** RECORDS TO PROCESS follows **
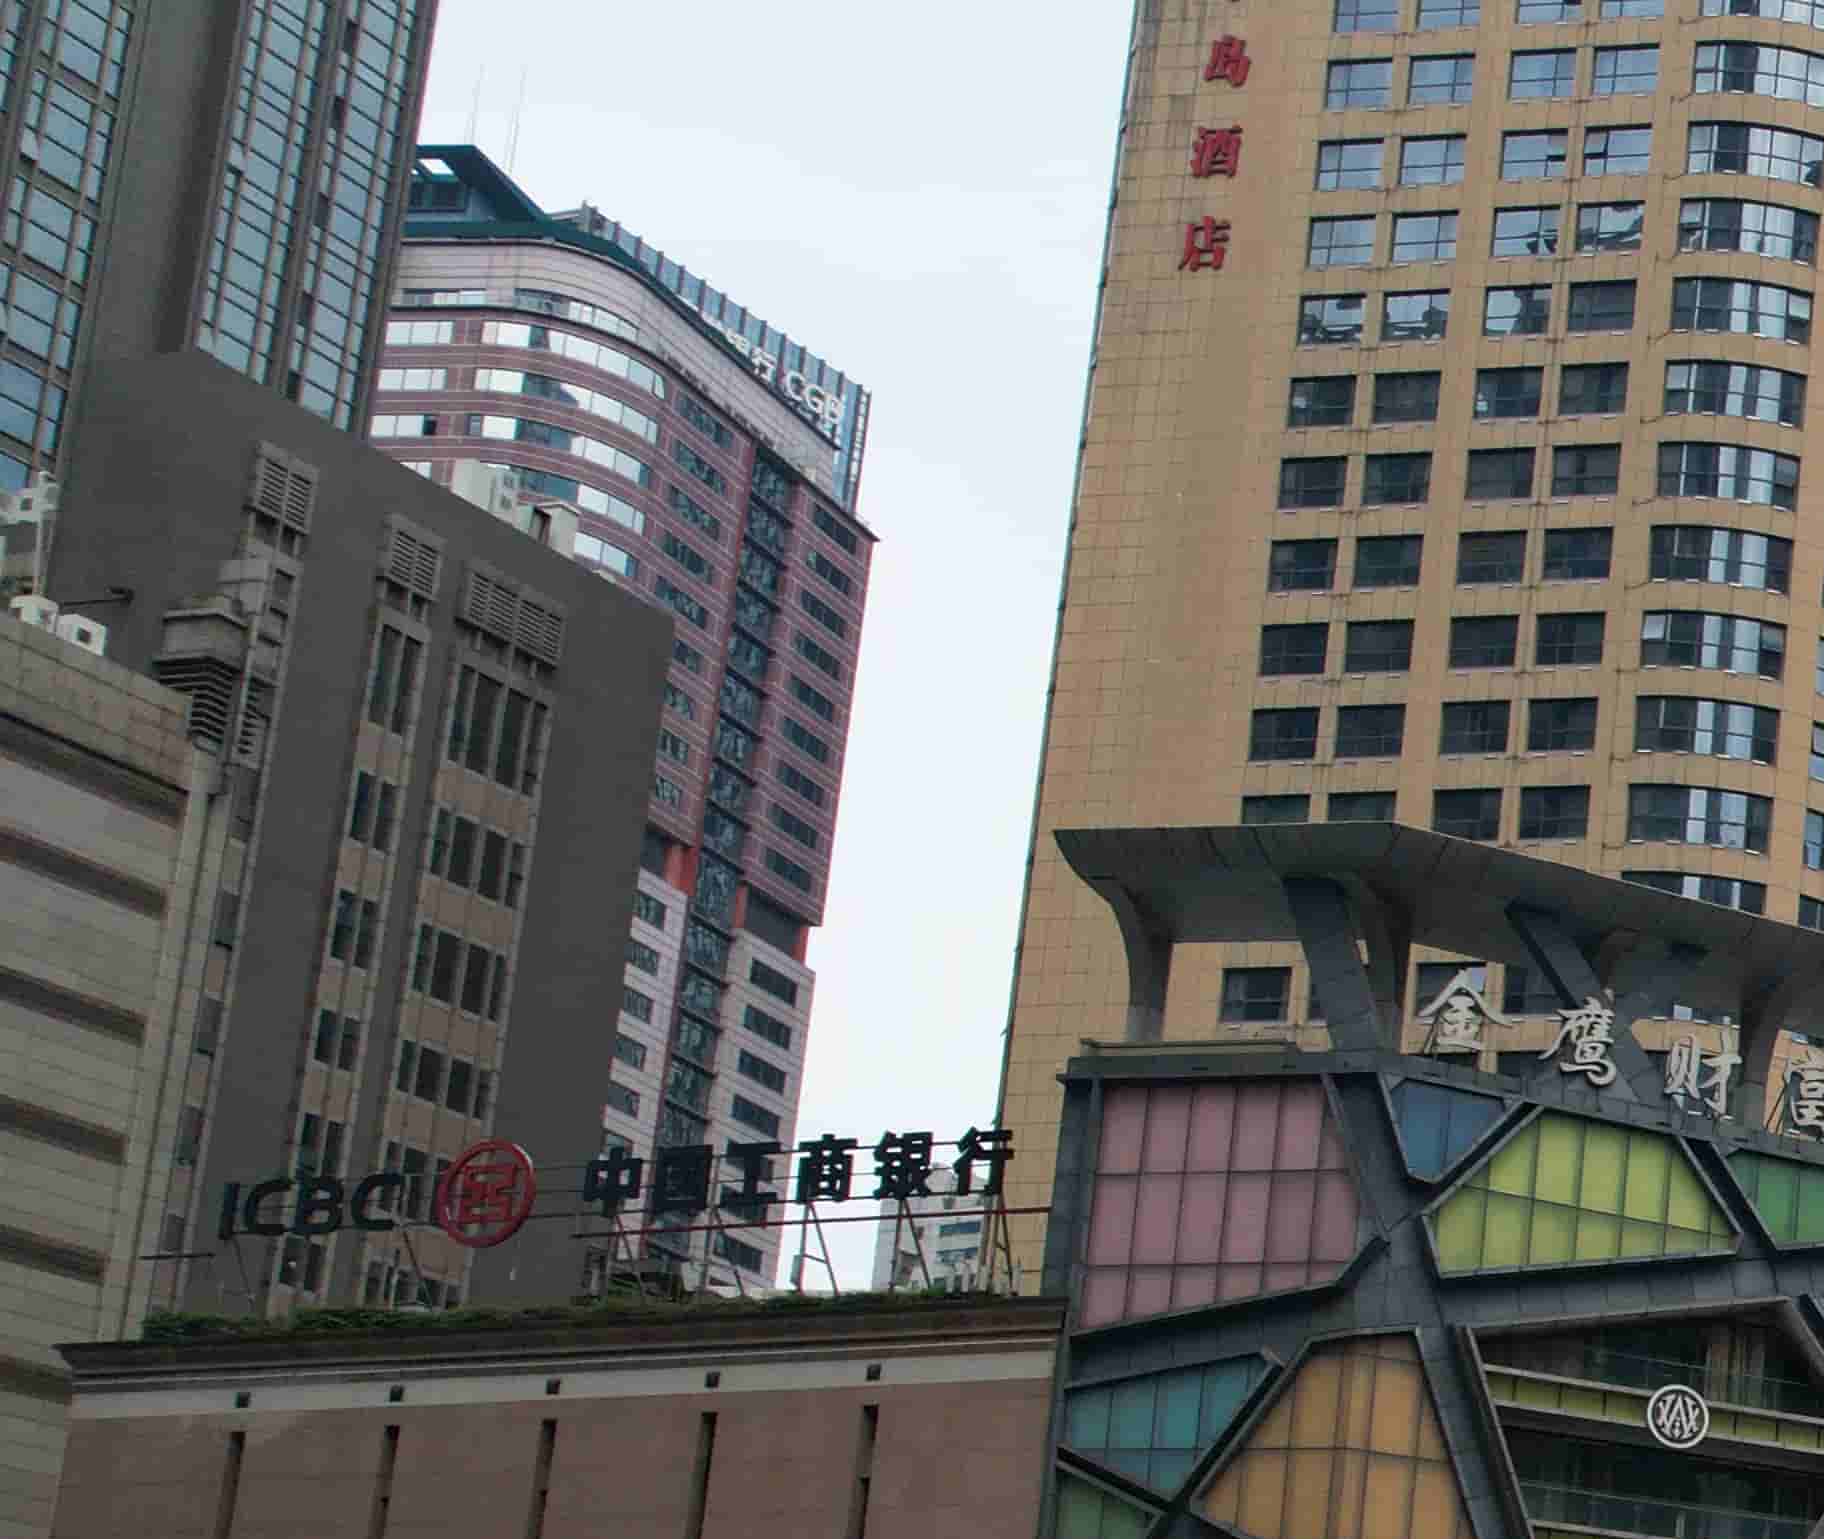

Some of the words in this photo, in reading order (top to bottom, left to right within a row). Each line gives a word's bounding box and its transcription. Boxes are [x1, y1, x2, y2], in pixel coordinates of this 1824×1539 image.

[218, 1172, 404, 1240] ICBC
[583, 1127, 1016, 1218] 中国工商银行
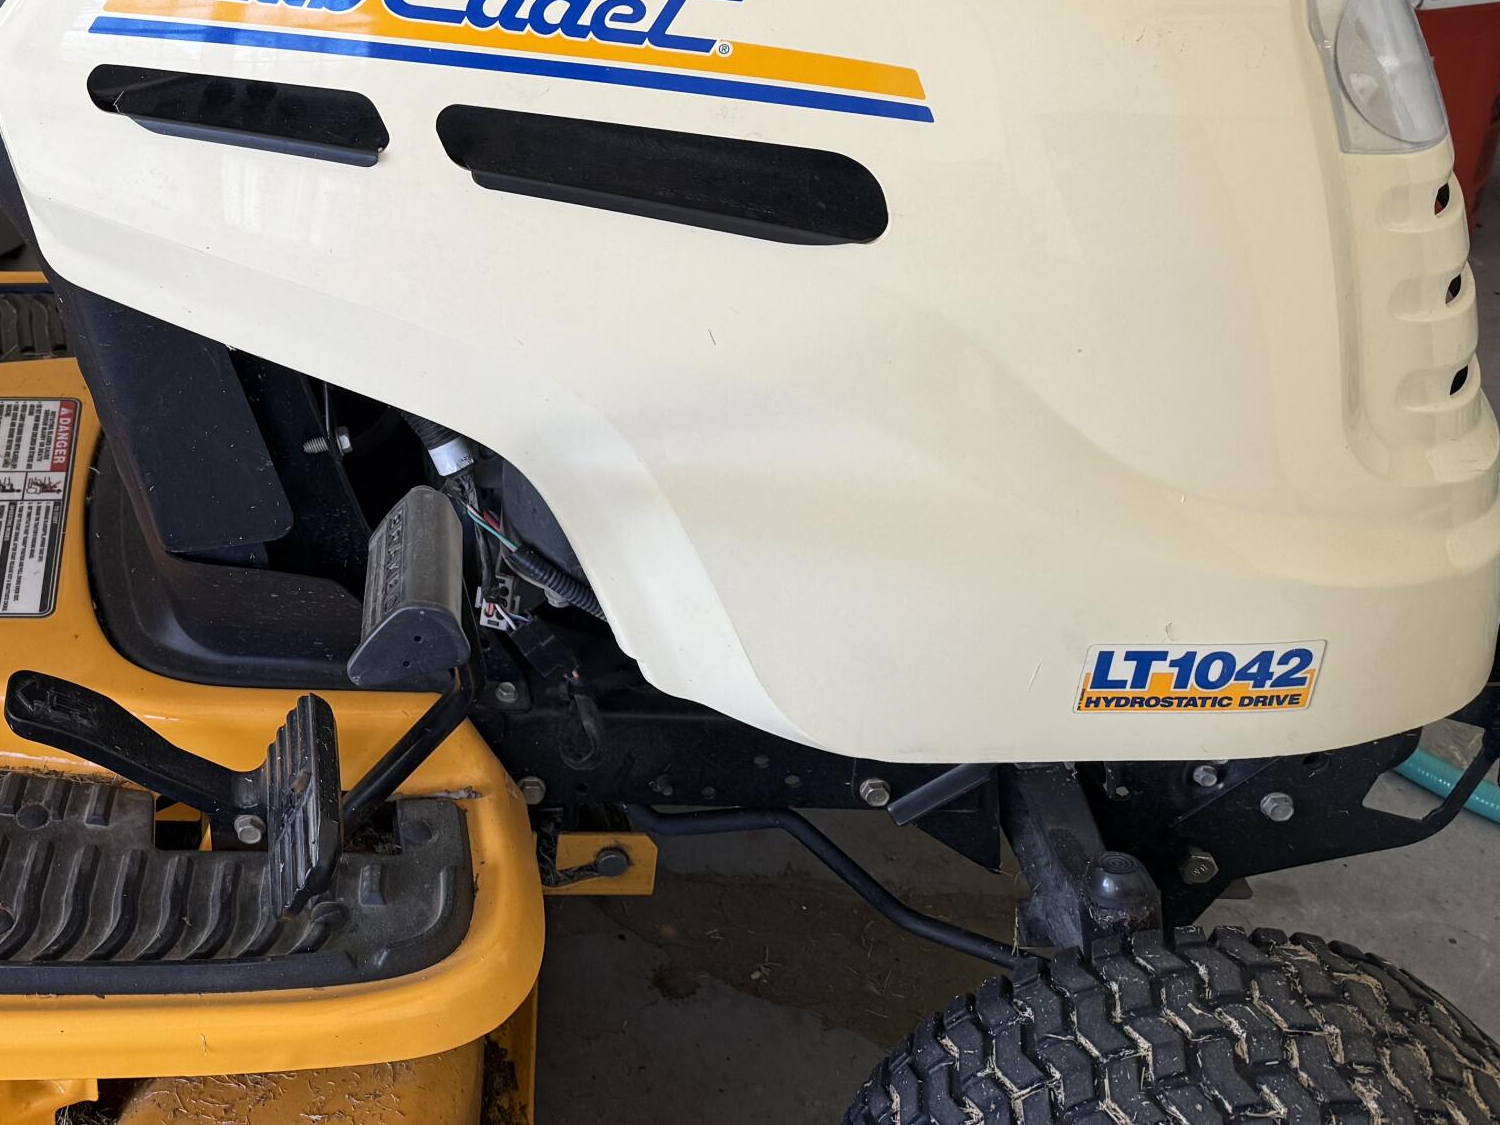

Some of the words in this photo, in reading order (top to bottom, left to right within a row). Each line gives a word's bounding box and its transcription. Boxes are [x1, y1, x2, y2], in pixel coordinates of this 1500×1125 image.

[52, 416, 71, 464] DANGER
[1089, 648, 1314, 690] LT1042
[1084, 695, 1236, 708] HYDROSTATIC
[1238, 693, 1302, 708] DRIVE
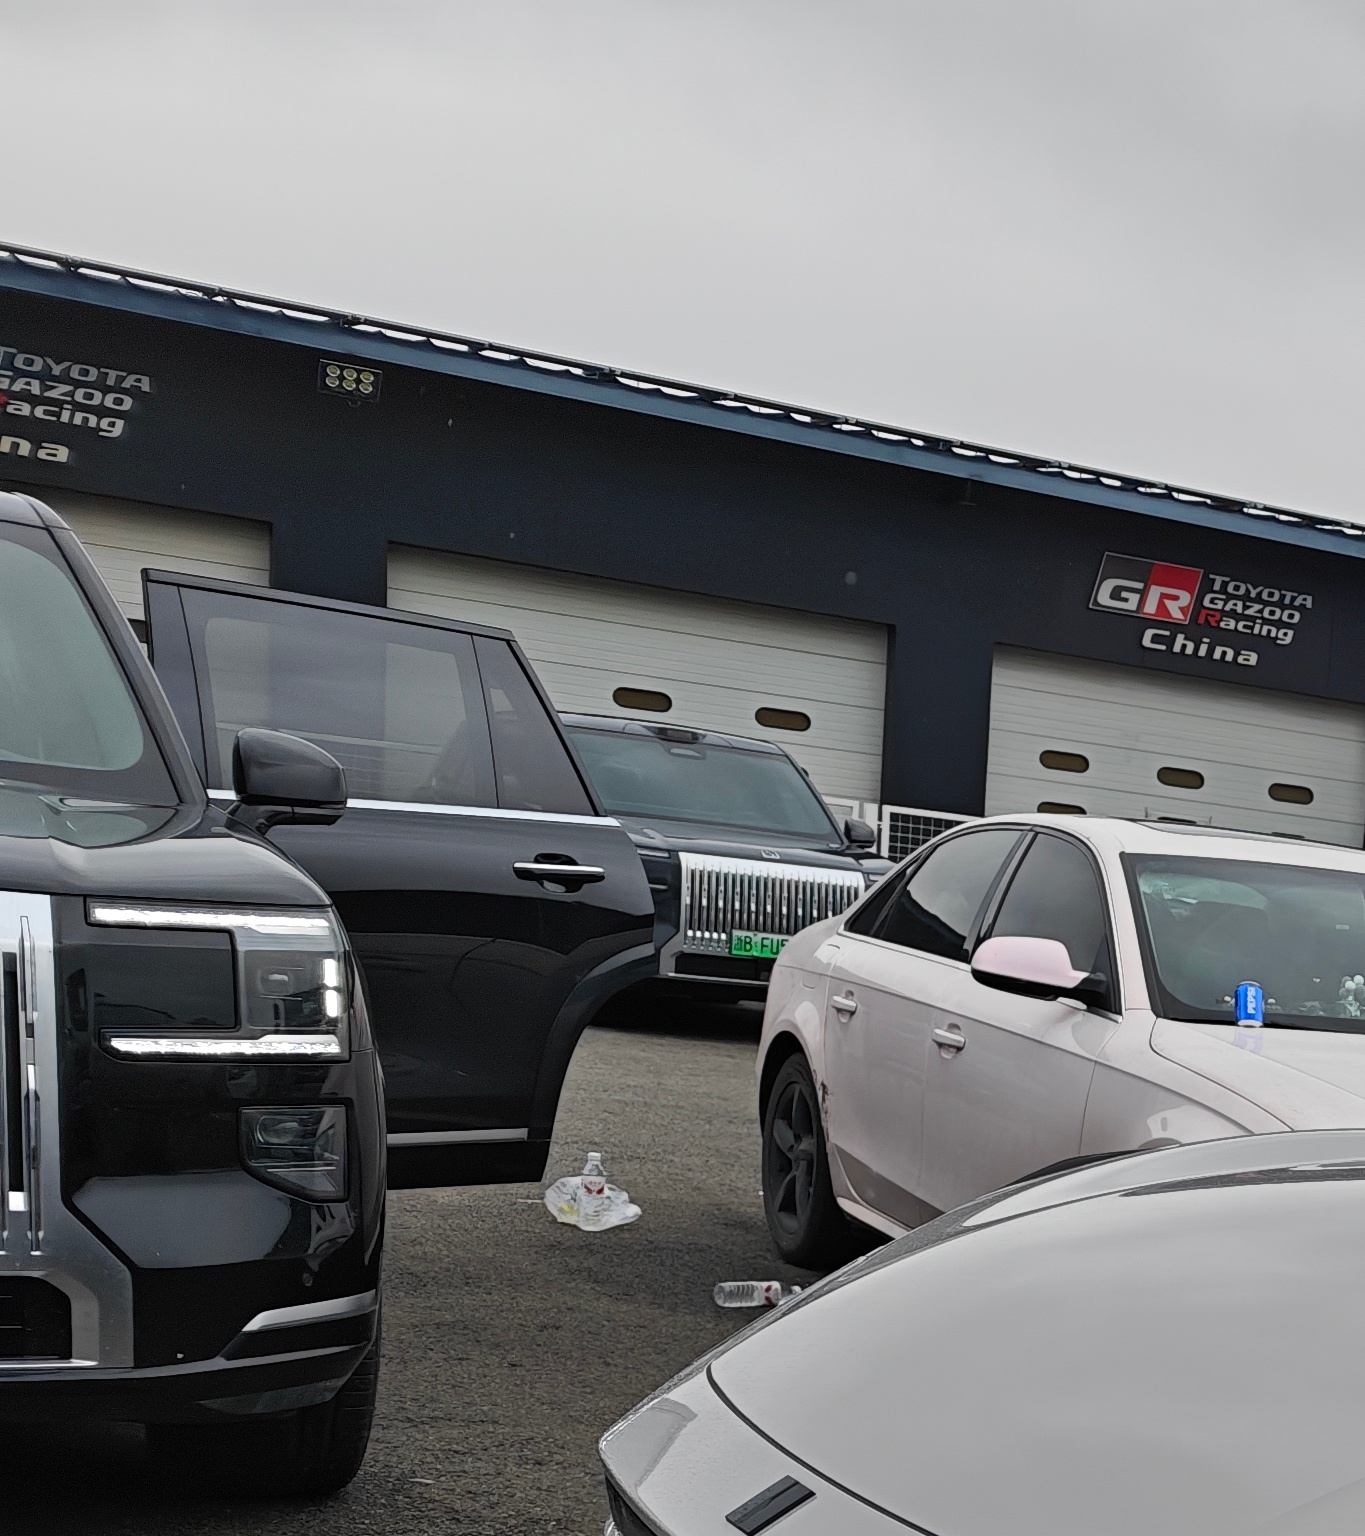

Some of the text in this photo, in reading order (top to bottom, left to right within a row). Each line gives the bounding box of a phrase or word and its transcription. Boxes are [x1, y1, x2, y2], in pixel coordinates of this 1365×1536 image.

[0, 394, 125, 438] acing
[1096, 578, 1191, 621] GR
[1202, 593, 1301, 624] GAZOO
[1208, 574, 1313, 609] TOYOTA
[1197, 609, 1295, 645] Racing
[1141, 628, 1259, 666] China
** End of RECORDS TO PROCESS **
• WORK INSTRUCTION:
Transcribe each entry above character for character, omitting pictures.

• ANSWER TO THIS EXERCISE:
Some of the words in this photo, in reading order (top to bottom, left to right within a row). Each line gives a word's bounding box and its transcription. Boxes are [x1, y1, x2, y2], in pixel coordinates of this 1824×1539 image.

[218, 1172, 404, 1240] ICBC
[583, 1127, 1016, 1218] 中国工商银行

Some of the words in this photo, in reading order (top to bottom, left to right within a row). Each line gives a word's bounding box and its transcription. Boxes are [x1, y1, x2, y2], in pixel coordinates of this 1500×1125 image.

[52, 416, 71, 464] DANGER
[1089, 648, 1314, 690] LT1042
[1084, 695, 1236, 708] HYDROSTATIC
[1238, 693, 1302, 708] DRIVE

Some of the text in this photo, in reading order (top to bottom, left to right within a row). Each line gives the bounding box of a phrase or word and its transcription. Boxes are [x1, y1, x2, y2], in pixel coordinates of this 1365×1536 image.

[0, 394, 125, 438] acing
[1096, 578, 1191, 621] GR
[1202, 593, 1301, 624] GAZOO
[1208, 574, 1313, 609] TOYOTA
[1197, 609, 1295, 645] Racing
[1141, 628, 1259, 666] China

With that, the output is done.